- Opening Delimiter -
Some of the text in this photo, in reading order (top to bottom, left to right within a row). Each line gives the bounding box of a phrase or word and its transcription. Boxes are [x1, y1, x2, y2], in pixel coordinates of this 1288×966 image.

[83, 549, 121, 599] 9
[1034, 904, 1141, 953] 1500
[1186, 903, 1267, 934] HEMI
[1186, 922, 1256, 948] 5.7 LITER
- Closing Delimiter -
▶ Task item
Output the entire listing above, character for character.

▶ Expected answer
Some of the text in this photo, in reading order (top to bottom, left to right within a row). Each line gives the bounding box of a phrase or word and its transcription. Boxes are [x1, y1, x2, y2], in pixel coordinates of this 1288×966 image.

[83, 549, 121, 599] 9
[1034, 904, 1141, 953] 1500
[1186, 903, 1267, 934] HEMI
[1186, 922, 1256, 948] 5.7 LITER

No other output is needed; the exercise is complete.